A long-term rating within the ‘B’ range indicates significant credit risk, as the capacity for timely fulfilment of financial obligations is very vulnerable to adverse changes in internal or external circumstances.
The change in the Outlook for Egypt’s ratings is driven by the following factors:
(a) Receding short-term financing risks and improving international liquidity in large part due to the continued availability of financial assistance from friendly states and international donors.
(b) The mildly improving political climate – although risks remain high.
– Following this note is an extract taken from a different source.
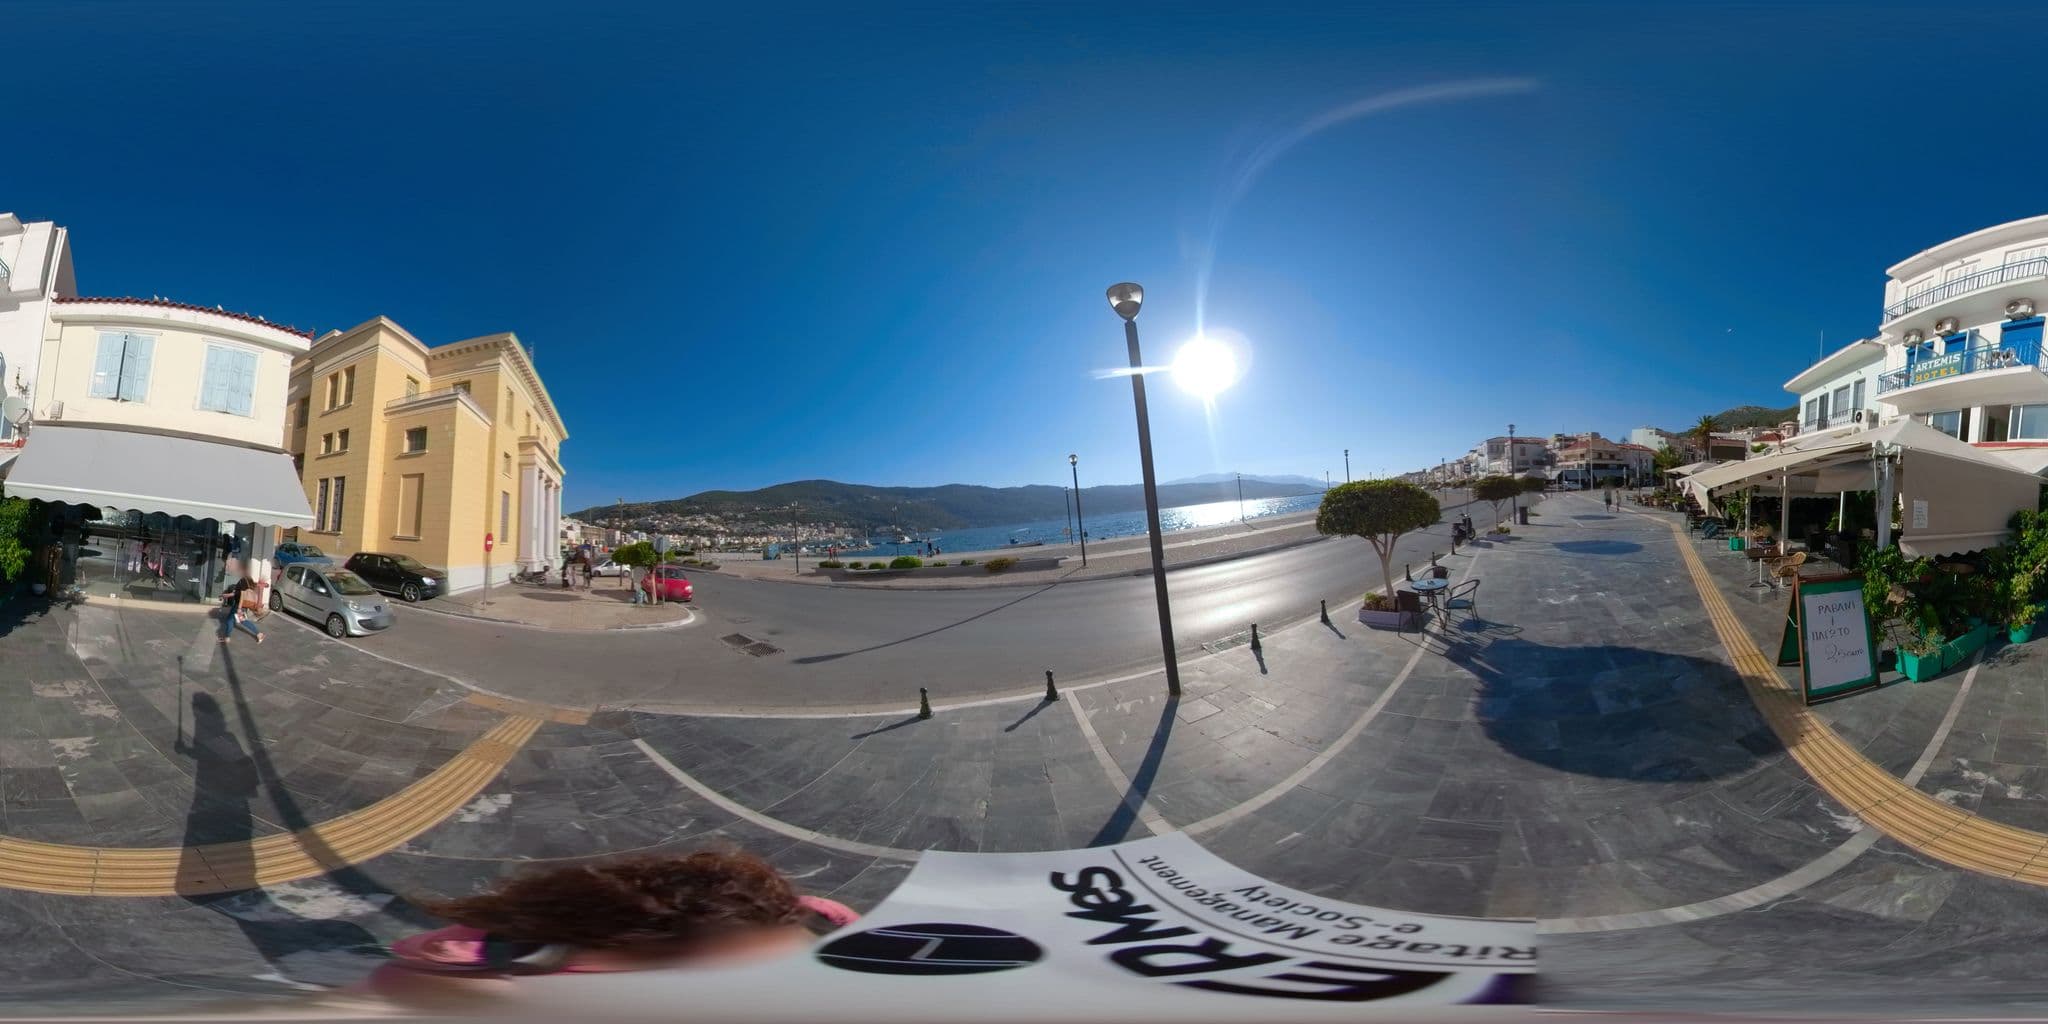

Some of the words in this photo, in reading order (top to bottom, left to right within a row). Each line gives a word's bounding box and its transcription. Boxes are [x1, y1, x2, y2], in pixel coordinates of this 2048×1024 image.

[1915, 353, 1961, 373] ARTEMIS
[1915, 366, 1958, 382] HOTEL
[1138, 855, 1323, 940] Management
[1234, 885, 1424, 934] e-Society
Near-term external financing risks have receded due to the receipt of financial support from the member states of the Gulf Cooperation Council, (GCC). Since July 2013, GCC states have pledged total support to Egypt in the region of USD15 billion (5.5% of Egypt’s GDP), of which about 75% has so far been disbursed. This support has been in the form of cash donations, interest-free loans, oil, and oil products. As a result, official foreign exchange reserves have begun to increase (contrary to CI’s previous expectations) and now fully cover the country’s short-term gross external financing needs (the sum of the current account deficit and external debt falling due).
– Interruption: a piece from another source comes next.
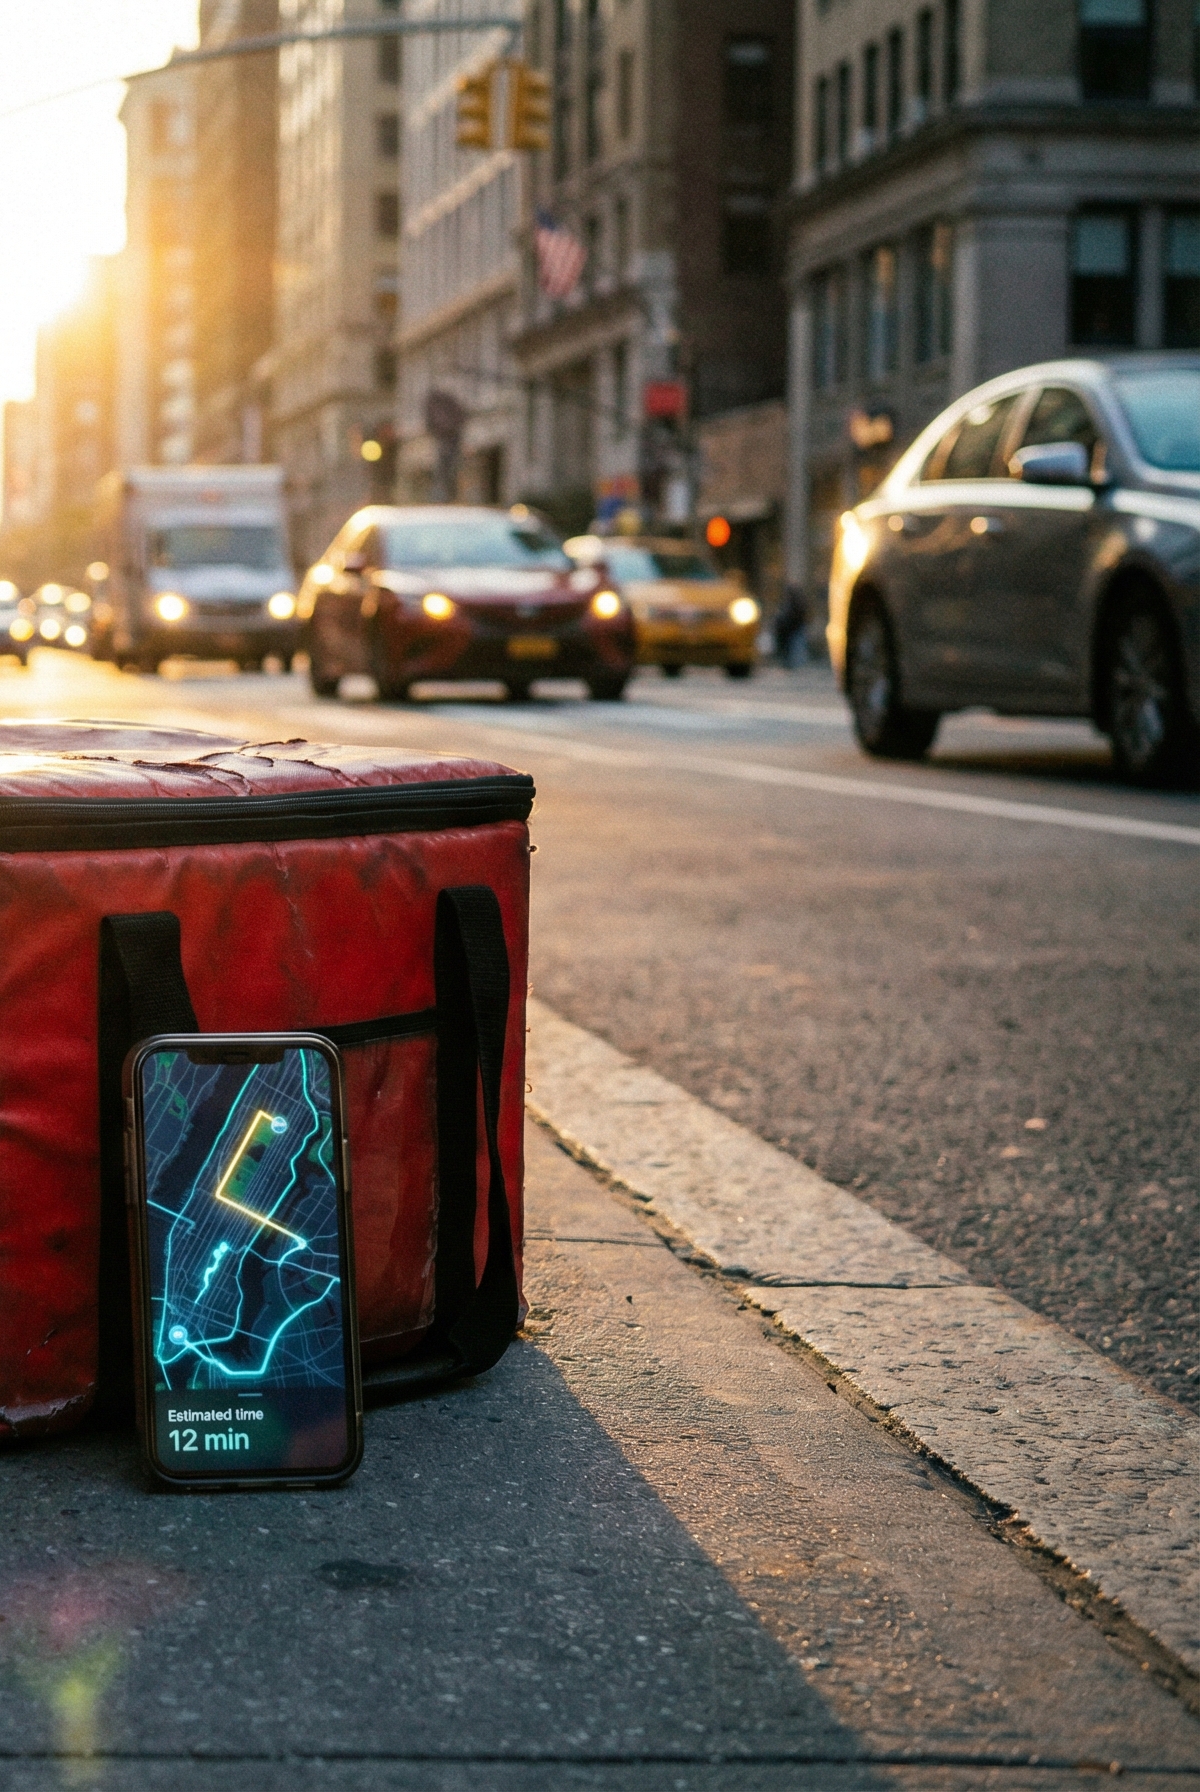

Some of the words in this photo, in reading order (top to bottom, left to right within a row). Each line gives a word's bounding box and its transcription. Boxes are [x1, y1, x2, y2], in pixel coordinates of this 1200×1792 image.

[168, 1408, 232, 1422] Estimated
[235, 1408, 264, 1421] time
[169, 1428, 198, 1451] 12
[204, 1428, 250, 1450] min
International reserves are expected to continue growing in 2014-16 – provided the political situation does not deteriorate – but are unlikely to reach pre-crisis levels. Nevertheless, CI expects foreign reserves to continue to provide adequate coverage of short-term external debt (on a remaining maturity basis) and a reasonable buffer against moderate external economic shocks.
In the policy arena, the stabilisation of the reserve position has provided the authorities with a short respite to focus on measures needed to strengthen macroeconomic and fiscal fundamentals, including the reform of taxes and subsidies.
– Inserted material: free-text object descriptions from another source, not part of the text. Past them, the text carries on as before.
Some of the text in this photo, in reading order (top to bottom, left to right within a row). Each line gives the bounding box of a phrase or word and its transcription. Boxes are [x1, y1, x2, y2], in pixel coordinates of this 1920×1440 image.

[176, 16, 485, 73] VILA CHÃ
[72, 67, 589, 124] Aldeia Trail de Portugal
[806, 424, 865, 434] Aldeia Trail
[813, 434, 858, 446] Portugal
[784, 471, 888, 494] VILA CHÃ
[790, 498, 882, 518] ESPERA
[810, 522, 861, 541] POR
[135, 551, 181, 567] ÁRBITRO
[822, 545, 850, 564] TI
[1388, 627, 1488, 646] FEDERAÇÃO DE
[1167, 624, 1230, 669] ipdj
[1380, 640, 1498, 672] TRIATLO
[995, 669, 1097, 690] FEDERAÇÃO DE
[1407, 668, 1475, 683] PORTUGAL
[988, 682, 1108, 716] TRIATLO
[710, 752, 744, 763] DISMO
The political climate has also improved in recent months. The new constitution, endorsed in a referendum in January 2014, paves the way towards the holding of presidential and parliamentary elections, both of which are due to take place later this year. Nevertheless, prospects for a speedy restoration of civil stability currently appear low in view of the entrenched polarisation between supporters of the government and those of the deposed president.
Egypt’s ratings continue to be supported by the country’s comparatively low level of external debt which stood at 16.5% of GDP (64% of current account receipts) in 2013. The debt maturity profile is relatively favourable and gross external financing requirements are low at an estimated 4.7% of GDP in FYE 2014.
Notwithstanding the above, the public finances remain a major rating constraint in view of structural weaknesses, high rigidity, large indebtedness and dependence on foreign funding to secure its financing needs. The general government budget deficit is expected to exceed 14% of GDP in FYE 2014, while general government debt is projected to reach 89% by next June, reflecting large financing needs. In CI’s opinion, the adverse political environment still constrains the ability and willingness of the current government to implement serious reformative measures aimed at reducing economic and financial vulnerabilities.
The ‘Stable’ Outlook reflects CI’s expectation that Egypt’s fiscal and external position will stabilise over the next 1-2 years, as the upcoming elections could result in a government that is willing to undertake serious – yet gradual – structural reforms.